HENRY READSHAW sworn.

I live in Russell-street , I am a Pawnbroker , on Friday the 18th of July, I lost a cloth coat, between two and three o'clock in the afternoon, it was hanging up in the shop for sale, I saw it there a little before: It was pledged the same day at another pawnbroker's; the prisoner had come to my shop several times in the course of the day, and I had a strong suspicion of him, and he came at night again and made an attempt on the window, and then I took him up upon suspicion, and the next day he owned before the magistrate he had stolen it; there is a confession in writing.

JOHN LANE sworn.

I live with Mr. Lane, a pawnbroker, in Holborn, the prisoner brought this coat to our shop the 18th of July, between three and five; I lent him half a guinea upon it, he said, he had just bought it, I did not know him, he pawned it in the name of John Hyde ; the prosecutor came the next day and claimed the coat before the magistrate.

PRISONER's DEFENCE.

I pawned the coat for half a guinea, on the 17th of July; I was coming down Drury-lane, and I met one of my shipmates, he asked me to drink some hot; we went and had three pots of brandy hot and a quartern of rum, he said, he was going to sea again, I said, I was out of work, I worked for Mr.

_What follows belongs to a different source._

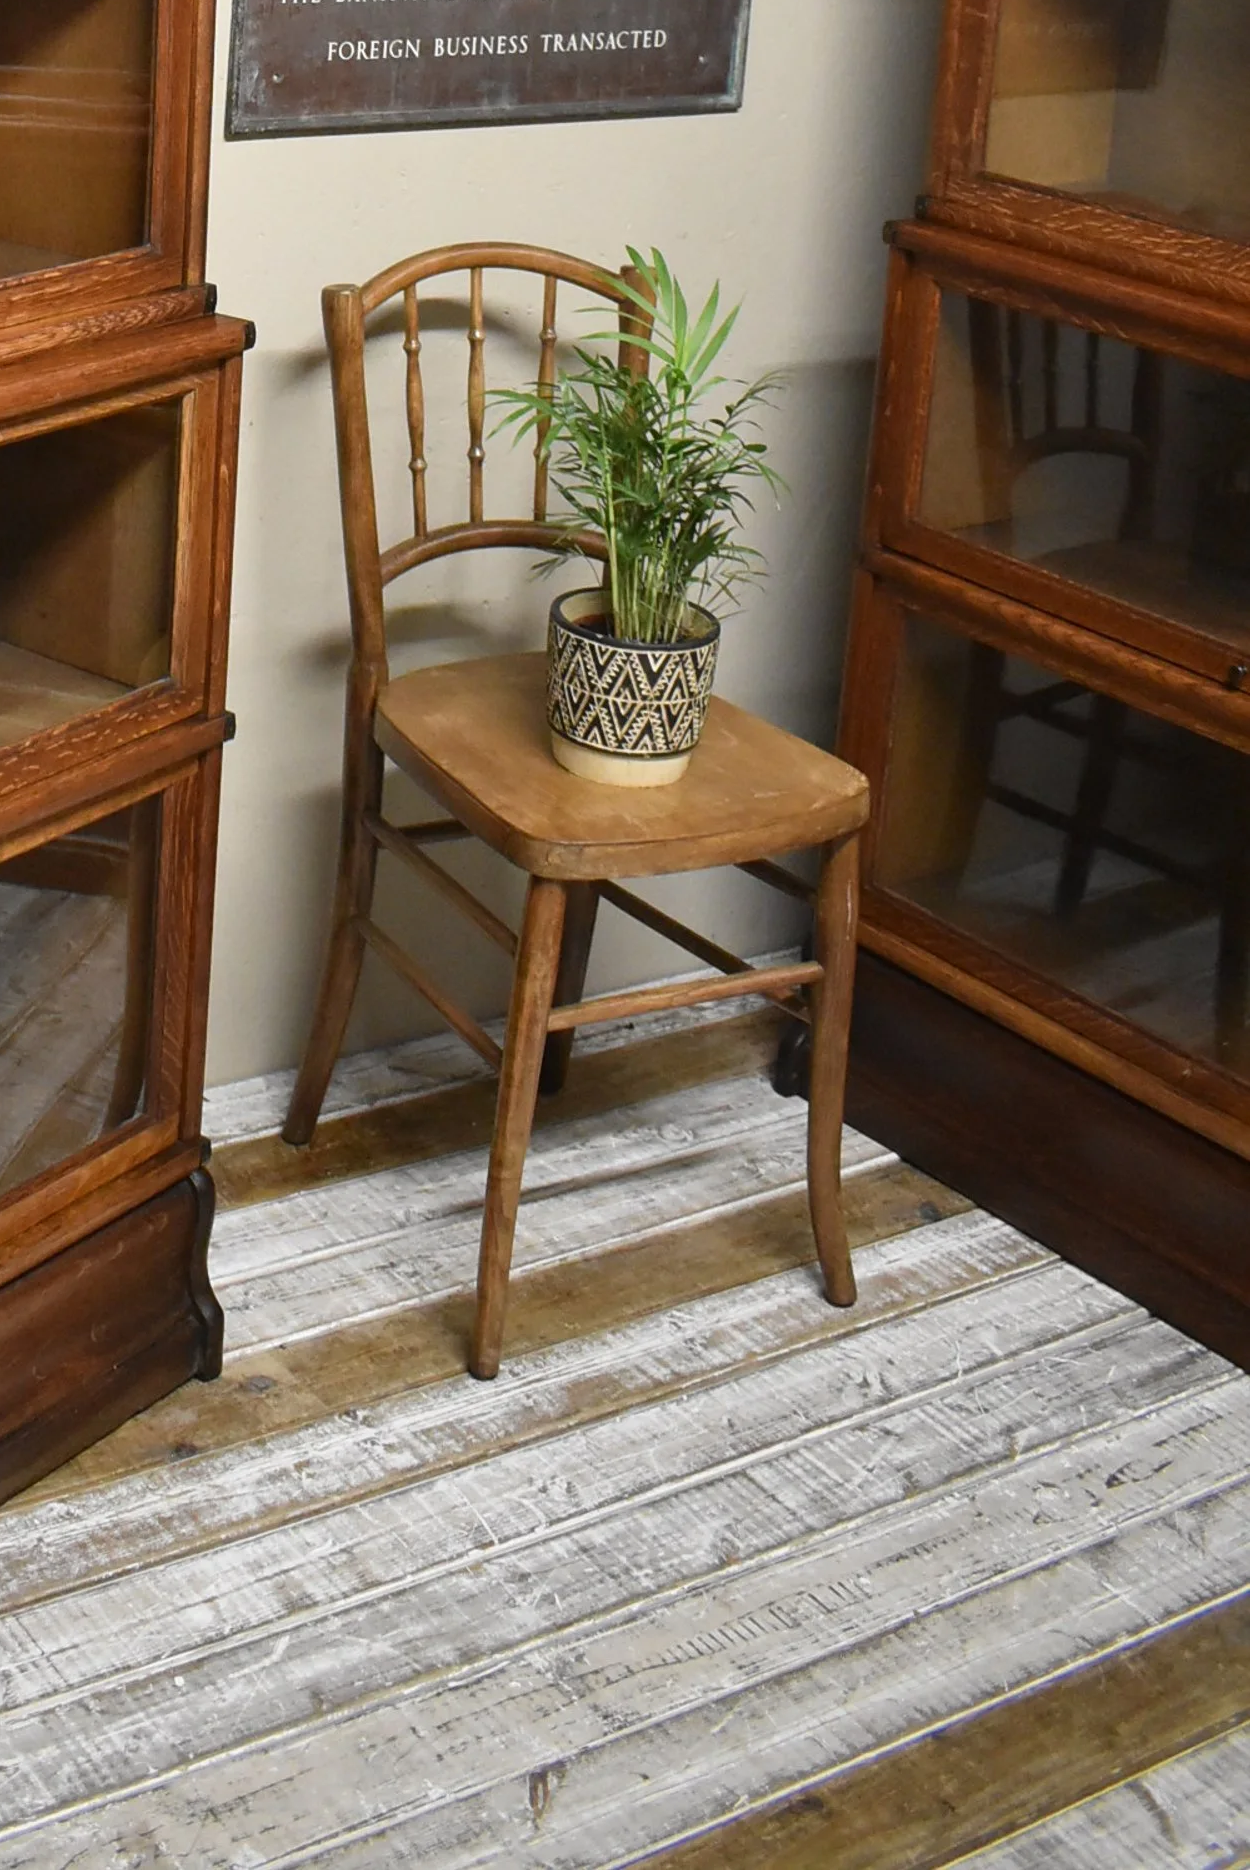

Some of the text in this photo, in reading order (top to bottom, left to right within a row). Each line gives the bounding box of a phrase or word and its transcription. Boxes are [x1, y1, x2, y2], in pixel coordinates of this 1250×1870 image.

[327, 28, 668, 62] FOREIGN BUSINESS TRANSACTED

Davis, in Park-lane; he pulled out an outside jacket and put it on; he desired me to pawn his coat, and he would give me a silk handkerchief, and when he went down to enter on board a man of war he would send me the money; I said, if he would sell it I would give him a guinea and a half; Lane knew me from a child, I told him it was my coat and that I had but just bought it, I bought a gilt breast buckle the day before, with five stones in it, of the prosecutor; I happened to stop to make a little water being very much intosticated, and the prosecutor said, I know you have stole my coat; the mots arose and asked me the matter, I told them the whole affair, that I had bought a coat which had been stolen, but that I did not know it; the prosecutor said he would send me to gaol, and the people said break his windows, I did take a handful of mud and bit the window, but did not break it; the people told me to go away, I said, I was innocent; I might have walked away and gone to sea, or to America, where I have been, and nobody would have followed me:

I did not think I should have been tried to day, or else I should have had witnesses and my Captain to appear to my character.

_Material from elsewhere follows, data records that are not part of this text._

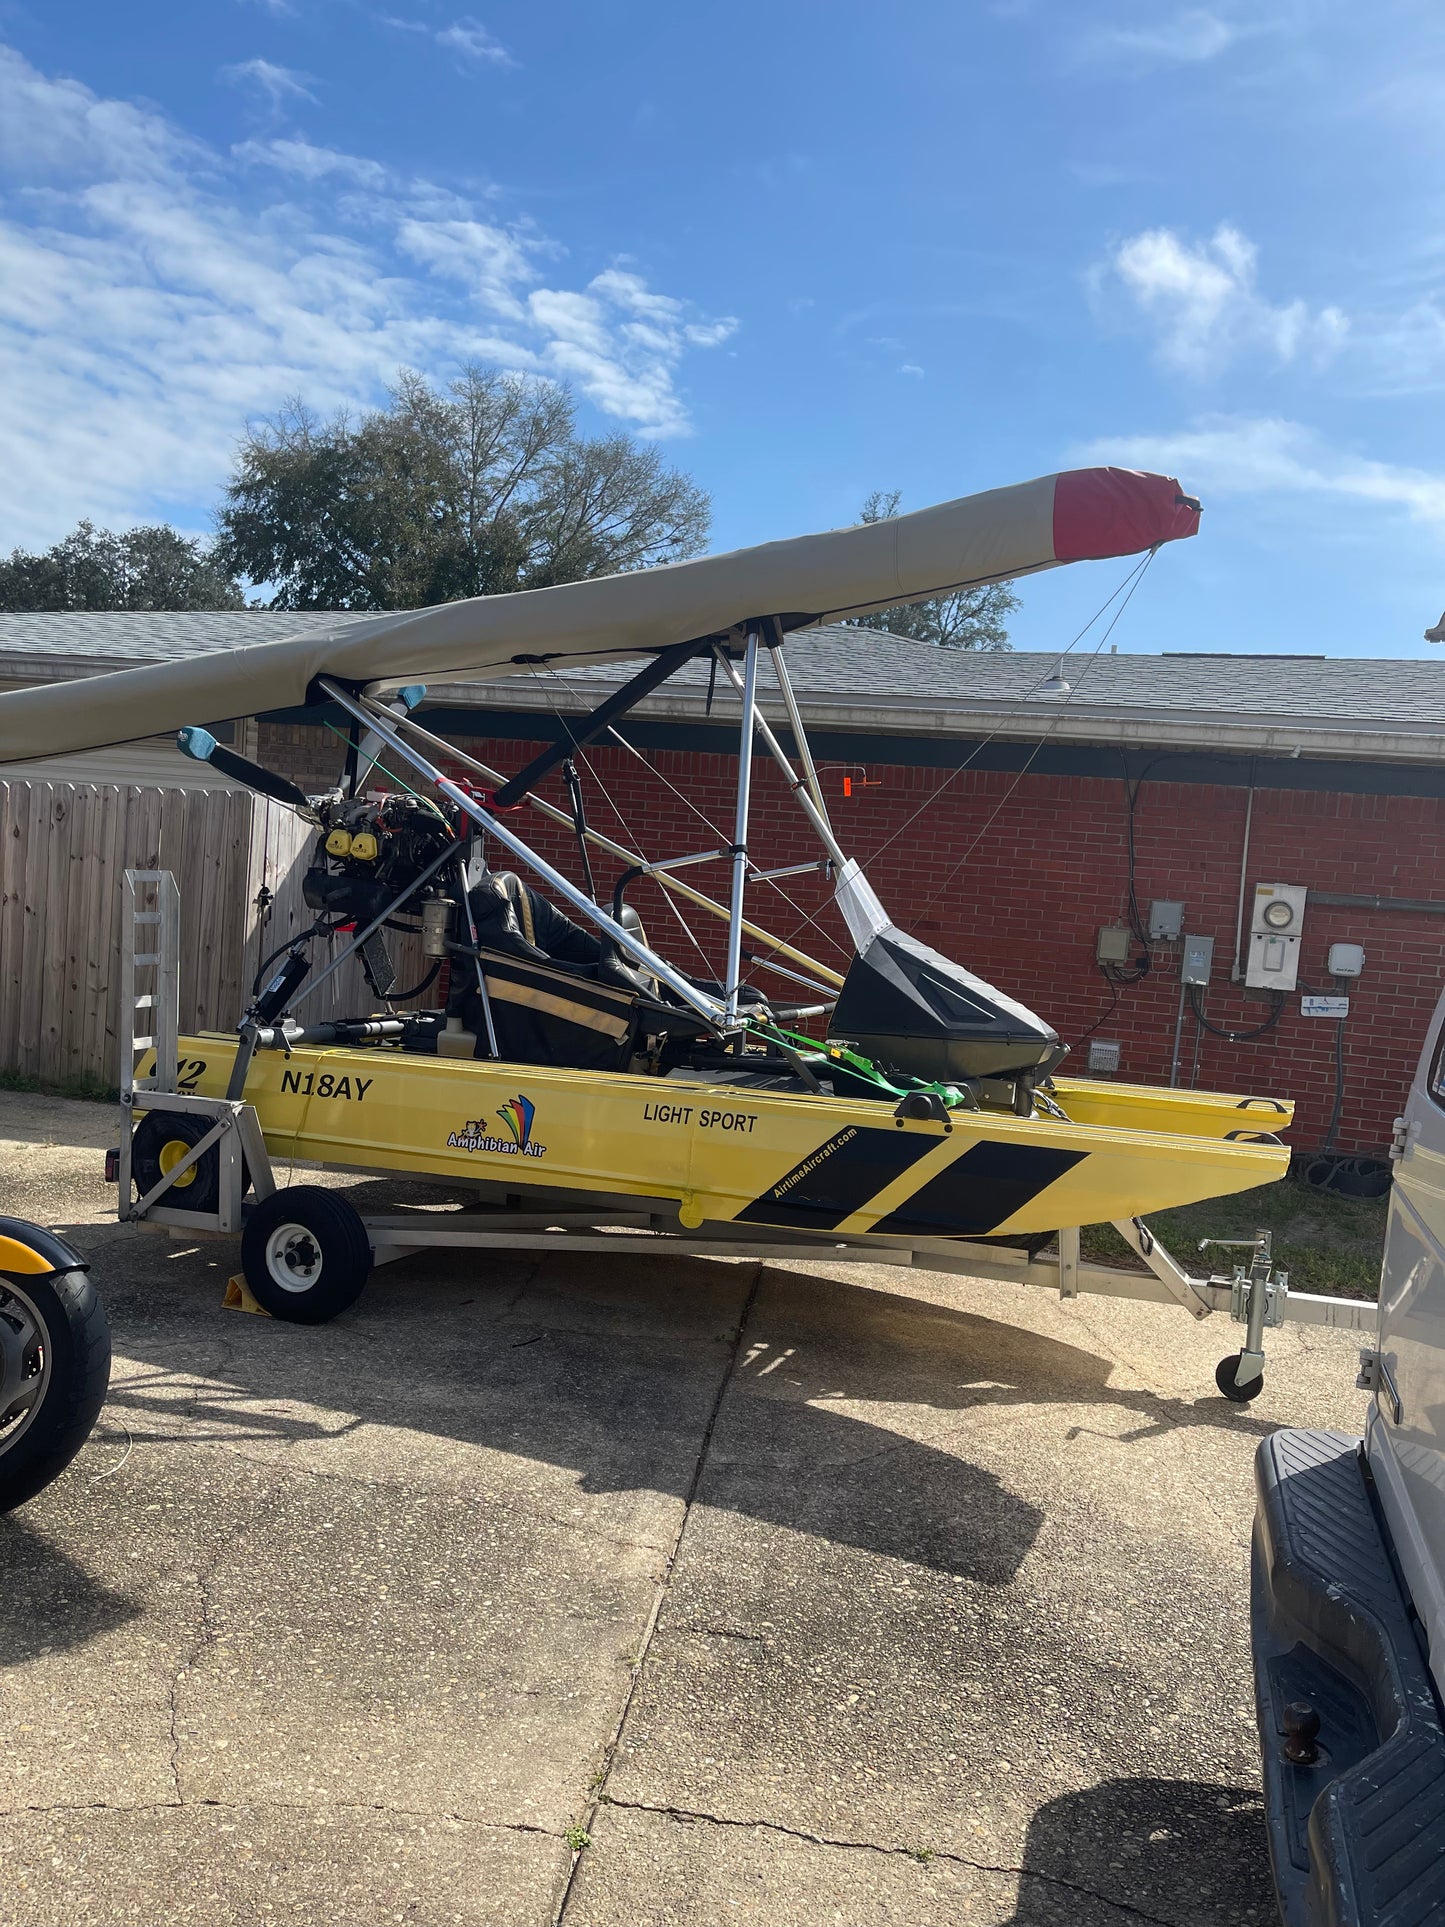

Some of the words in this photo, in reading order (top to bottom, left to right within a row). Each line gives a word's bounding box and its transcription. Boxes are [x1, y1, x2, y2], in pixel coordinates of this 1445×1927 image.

[280, 1070, 374, 1102] N18AY
[643, 1103, 694, 1125] LIGHT
[699, 1110, 758, 1133] SPORT
[447, 1131, 519, 1153] Amphibian
[522, 1141, 547, 1158] Air
[773, 1127, 858, 1199] AirtimeAircraft.com

Court to Lane. Do you know the prisoner? - Mr. Lane himself does know him, and has seen him several times, I do not.

Jury. I understood the first evidence said, that the witness had confessed this before a magistrate.

Court. The confession has been searched for, having been reduced into writing, and it cannot be found, therefore you cannot take into your consideration any confession at all.

NOT GUILTY .

Tried by the first Middlesex Jury before Mr. Baron HOTHAM.